On Sat, 26 Apr 2003, Eric Cordian wrote:
How silly. Factoring is like the Poincare Conjecture. Solving it doesn't let us do anything new and exciting, and nothing else we care about has a reduction into it.
Fast factoring will be greeted by "oh, yes, of course", and the sound of mass yawning and moving on.
Fast factoring will be greeted (if it wasn't already) by loud and top-secret cheer of all the No-Such-Agencies. We the People will be told much later. That Joe Sixpacks will yawn and move on will only signify his lack of understanding of the problem.
In 10 years, "factor" will be a commodity microprocessor opcode.
Why? Solving it doesn't let us do anything new and exciting, and nothing else we care about has a reduction into it. And every opcode occupies some chip space, and chip space is (at least for now) too expensive for unimportant functions.
Is anyone even working on factoring any more? How long has it been since the last RSA Challenge number was factored? Seems like aeons.
That there is no published activity doesn't mean there is no activity.
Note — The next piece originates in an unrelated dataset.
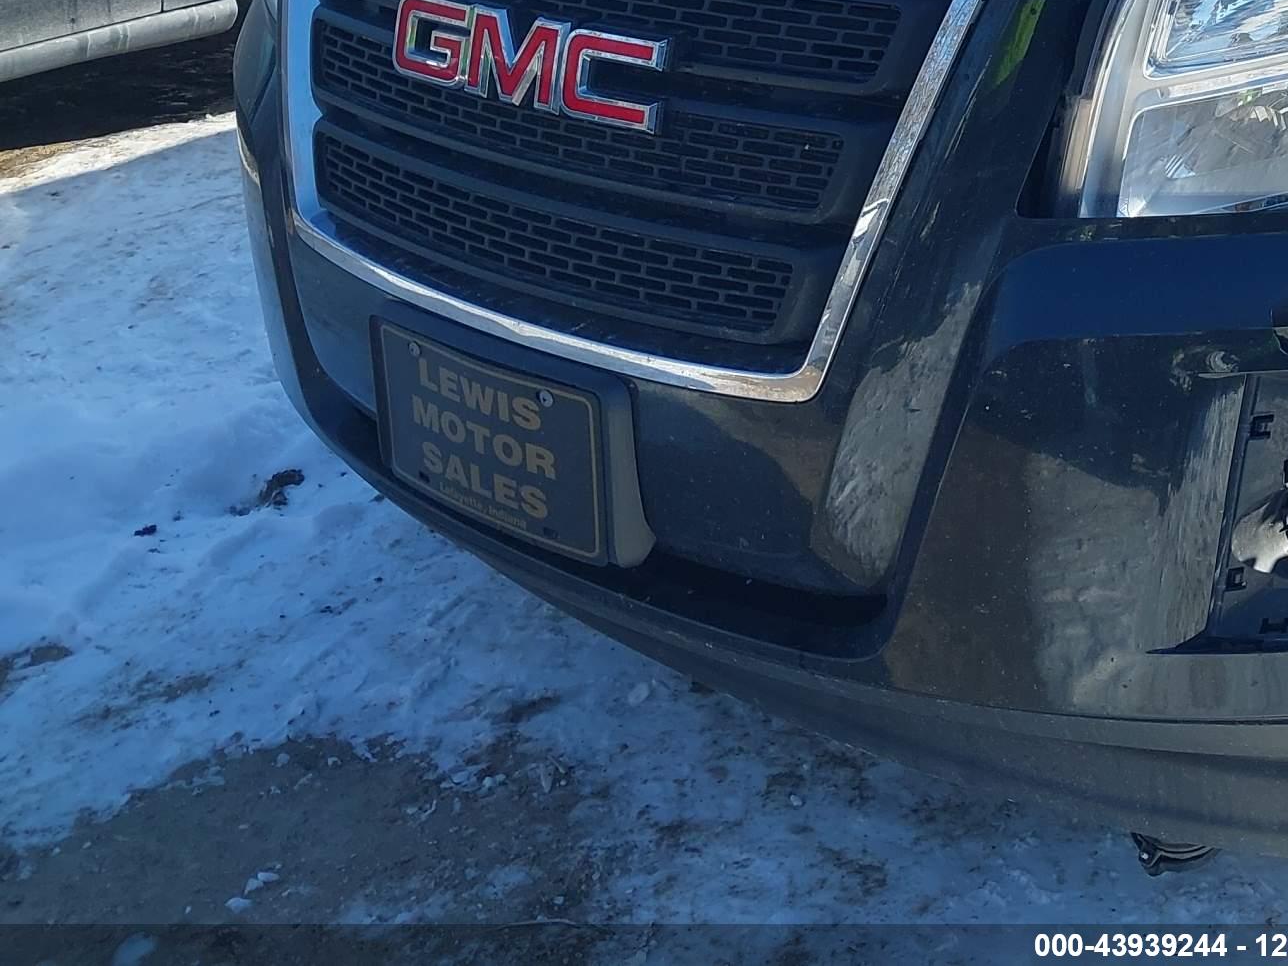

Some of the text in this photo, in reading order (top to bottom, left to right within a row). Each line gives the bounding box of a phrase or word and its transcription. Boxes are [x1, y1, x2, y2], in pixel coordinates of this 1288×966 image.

[418, 357, 543, 432] LEWIS
[412, 394, 557, 481] MOTOR
[421, 441, 549, 520] SALES
Yes, I believe Joe Sixpack saying that he promises to keep my key safe to be on the same footing as Joe Sixdiploma saying that because he can't figure out how to factor 309 digit numbers quickly, it must not be possible.
So far it doesn't seem to be possible. If it is, then the method has so high strategical value that it is not used for less important operations, in order to not disclose its existence by indirect clues[1]. But for operations with so high stakes you should use one-time pads on one of the layers anyway.
All RSA is faith-based crypto.
What alternative do you suggest? [1] If decrypted plaintexts start popping up from nowhere, being used in all kinds of prosecutions, it's a strong evidence the encryption algorithm was compromised. However, the current trend with secret courts and secret evidence can make it less evident.